212 pagine, tanti "sogni" "scommesse" "speranze", 0 acquisti
in compenso posto un articolo interessante di Roberto Arduini che a mio avviso ben fotografa la situazione
Il passato non ha insegnato nulla
Tanti, in questi giorni, stanno provando a prendere e a prendersi in giro. Si chiedono quanto siano bravi i sudamericani sconosciuti che vengono accostati alla Lazio, si domandano se Lotito abbia o meno imparato qualcosa dai suoi sbagli, alcuni provano addirittura a guardare al futuro con un certo ottimismo, perchè in fondo, a detta loro, una stagione storta può capitare. Peccato dimentichino, però, che la stagione storta non è stata una, che negli ultimi tre anni il più antico club della capitale, pur potendo contare sul quinto o sesto fatturato tra le società italiane, non è mai riuscito ad andare oltre al decimo posto, che in sei anni di gestione targata Lotito, almanacchi alla mano, solo una volta i biancocelesti sono riusciti ad andare al di sopra della decima posizione in classifica.
Sembra proprio che il passato non abbia insegnato nulla, alla dirigenza della Lazio e a tanti comunicatori, che in piena lotta per non retrocedere annunciavano ai quattro venti che quello era il momento di pensare a salvarsi ma che poi, a giochi fatti, avrebbero sbattuto in faccia al maggiore azionista dei capitolini tutte le sue colpe e tutte le sue responsabilità. Adesso, in tanti hanno fatto marcia indietro, mentre appare palese che niente sia cambiato rispetto alla passata stagione e che i tanti errori commessi in passato da Lotito vengano ripetuti periodicamente, corsi e ricorsi di una storia che ormai da sei anni è soltanto in bianco e nero.

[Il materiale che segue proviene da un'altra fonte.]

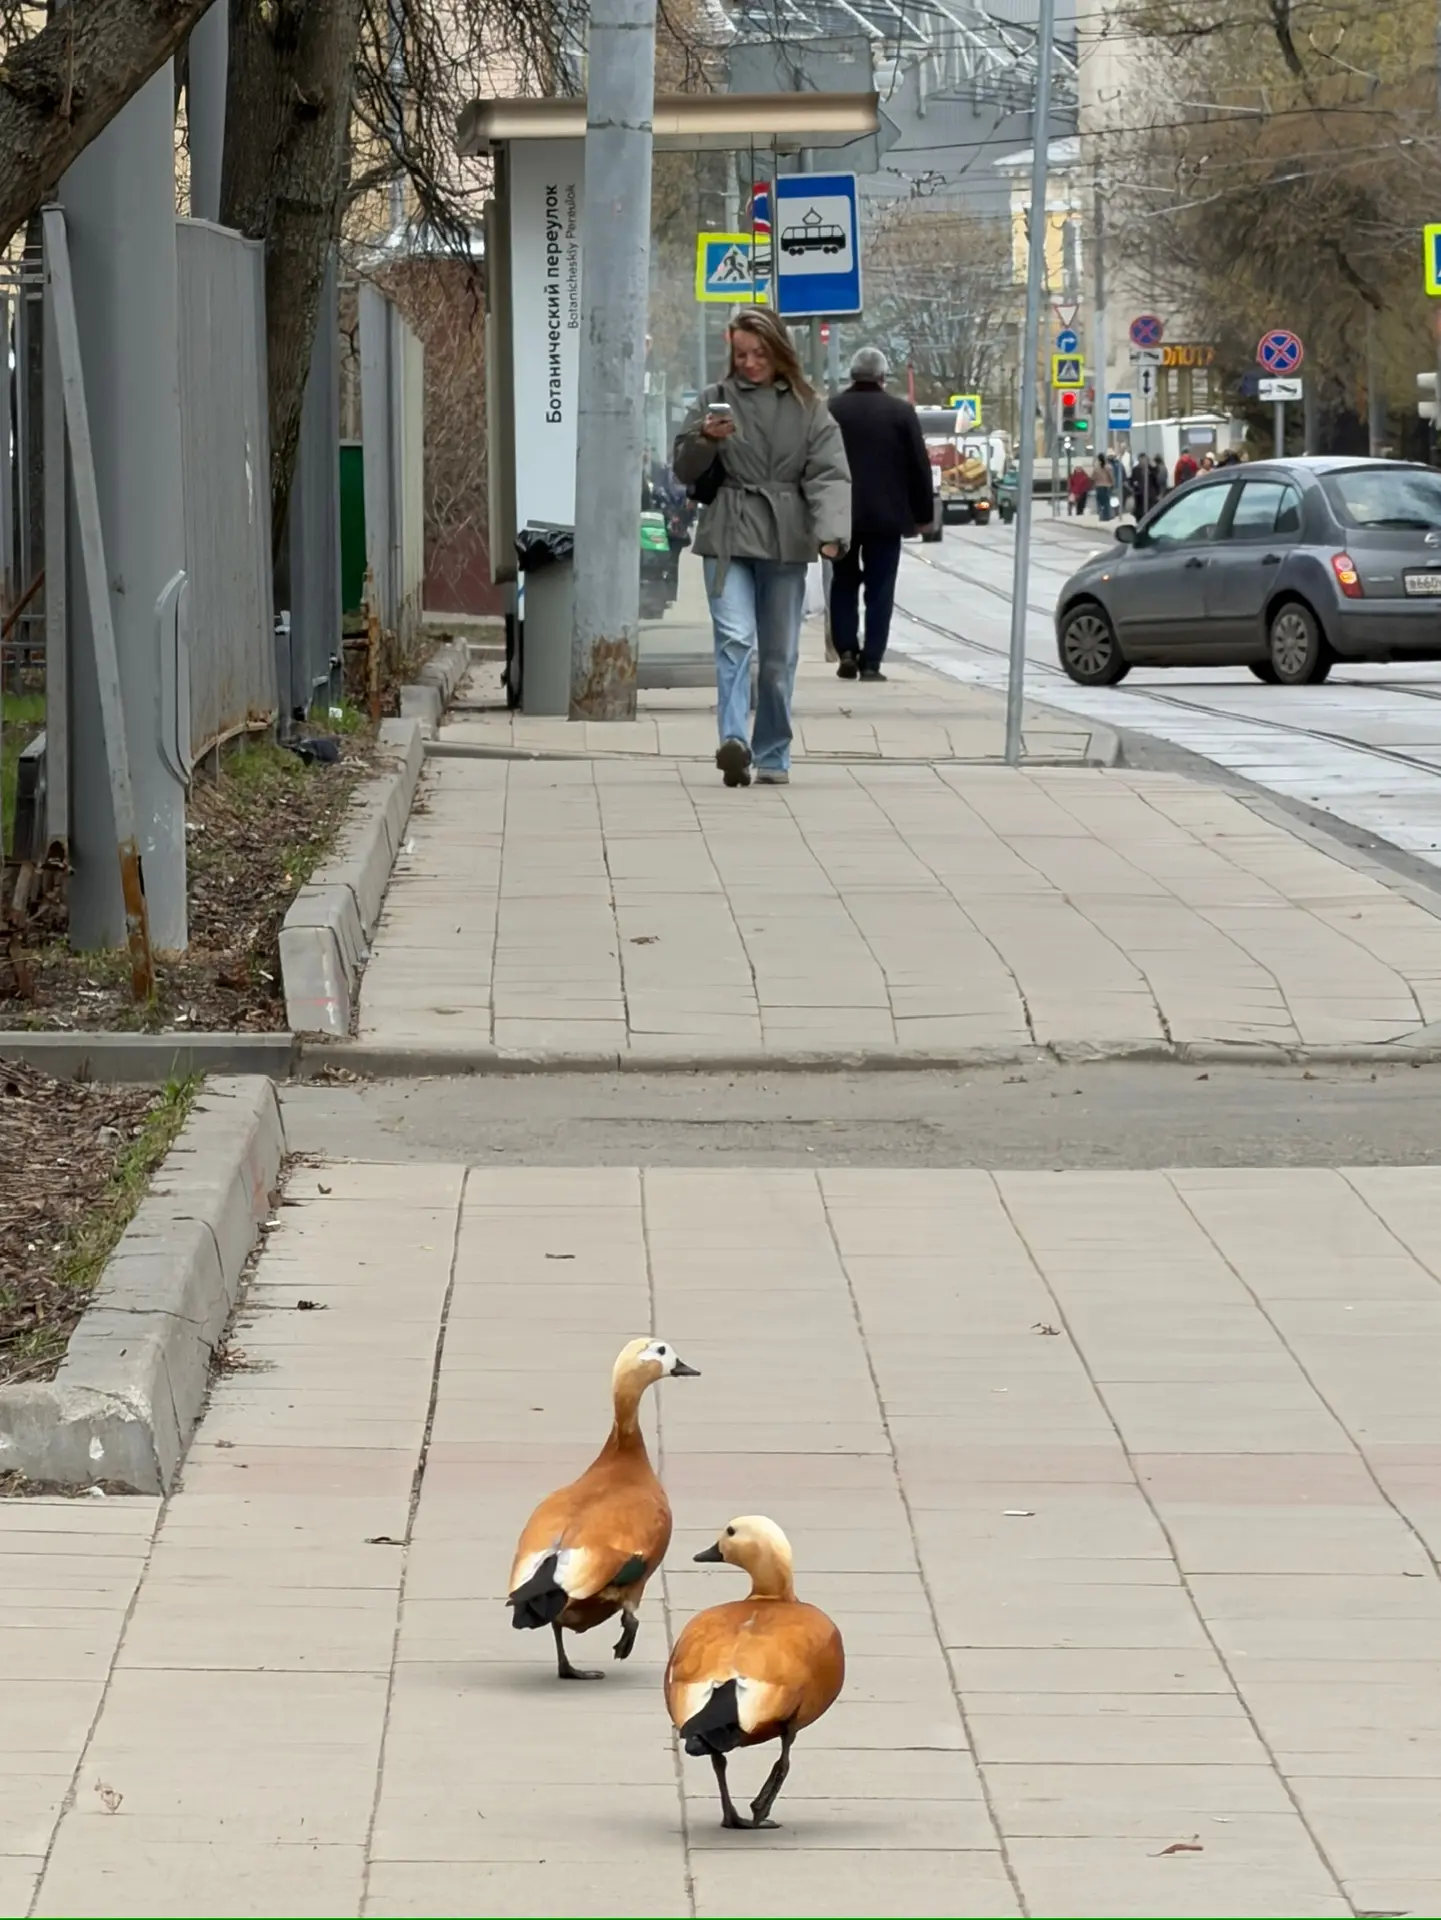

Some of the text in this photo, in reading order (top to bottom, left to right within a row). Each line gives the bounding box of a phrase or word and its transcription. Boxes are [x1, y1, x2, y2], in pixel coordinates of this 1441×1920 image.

[544, 184, 562, 424] Ботанический переулок
[564, 184, 579, 329] Botanicheskiy Pereulok
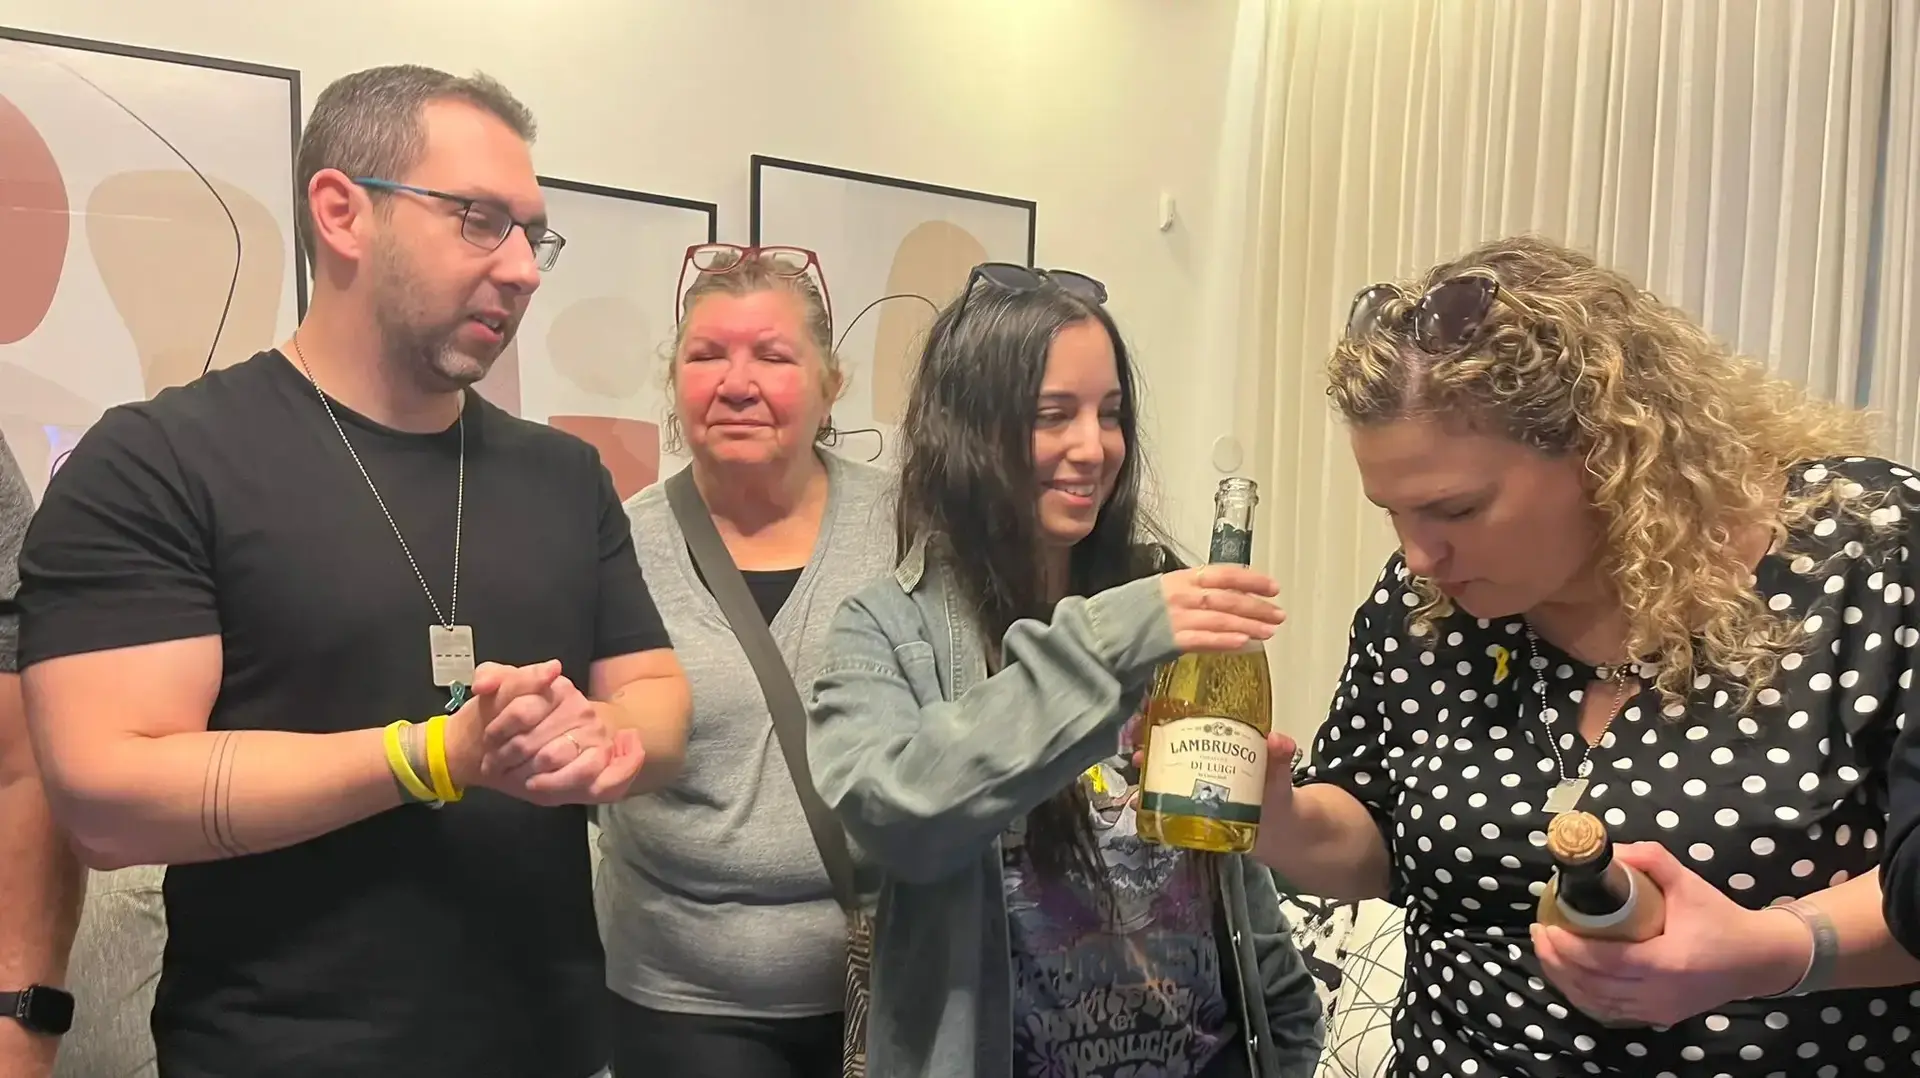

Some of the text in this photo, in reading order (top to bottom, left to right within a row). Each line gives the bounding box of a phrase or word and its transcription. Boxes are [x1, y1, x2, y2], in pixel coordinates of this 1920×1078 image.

[1170, 739, 1257, 764] LAMBRUSCO
[1190, 761, 1236, 775] DI LUIGI
[1058, 1026, 1192, 1075] MOONLIGHT

Si inizia la stagione con un allenatore (secondo noi modesto) che ha un solo anno di contratto, e questo nell'inquieto spogliatoio della Lazio è un errore marchiano, che in molti oggi tenderanno a sottovalutare ma che alla lunga, siamo pronti a scommettere e ovviamente speriamo di perdere, partorirà problemi e fornirà alibi ai calciatori. Viene poi da chiedersi dove siano quei rinforzi societari da tempo invocati e negli ultmi mesi quasi annunciati da molti mezzi di comunicazione. Il Direttore Sportivo non è ancora arrivato, ed è ora che si fa il mercato. Del Direttore Generale non c'è nemmeno l'ombra, così come continua a mancare quella figura "istituzionale" in grado di fare da raccordo tra squadra e società nei momenti più burrascosi.
Stucchevoli, poi, continuano ad essere le questioni legate ai rinnovi contrattuali. Ledesma? Tra qualche mese potrà firmare con un altra squadra e trasferirsi tra un anno a costo zero. Cosa si aspetta a prolungare il suo accordo? Quando si parlerà concretamente della questione legata a Radu? Il romeno si è affermato nell'ultima stagione, ha altri due anni di contratto ma una società lungimirante già da tempo avrebbe intrapreso trattative per blindare il romeno e mettere al riparo da possibili e sgradite sorprese un capitale importante che in futuro potrebbe anche essere valorizzato con una cessione a peso d'oro. Però si rinnova con Mauri fino al 2015, accettando che il fantasista brianzolo chiuda la carriera con la maglia biancoceleste, legandolo alla società fino a quando avrà 35 anni. Scelta discutibile, difficilmente ci è capitato di vedere rinnovi così lunghi per giocatori che hanno superato la soglia dei trenta anni.
Insomma, tutto cambia affinchè nulla cambi, mentre molti si affannano a guardare su Youtube i video di Fabio Santos (questo è scarso, ma scarso forte) e Pablo Pintos (che invece secondo noi in prospettiva potrebbe diventare un ottimo giocatore). Evidentemente a qualcuno fa piacere che la Lazio sia ormai tagliata fuori dal calcio che conta e sia costretta a lottare con compagini che non hanno nemmeno un quarto del suo bacino d'utenza. E magari, sempre a qualcuno, fa piacere che i biancocelesti ormai arrivino abitualmente almeno venticinque punti sotto all'altra squadra di Roma.
E' una questione di priorità. E di scelte. Un'ultima riflessione: nessuno ci toglie dalla testa che con la Lazio in lotta per lo scudetto e l'altra squadra della capitale in perenne affanno nella zona salvezza, i giornali romani avrebbero scatenato una vera e propria "rivoluzione mediatica" per cercare di risolvere la questione. Noi, invece, siamo soli come sempre. Benissimo: che nessuno provi però a salire sul carro dei vincitori quel giorno in cui, speriamo presto, la Lazio sarà stata finalmente "Liberata". Abbiamo capito tante cose in questi sei anni. Speriamo che i Laziali abbiano memoria lunga.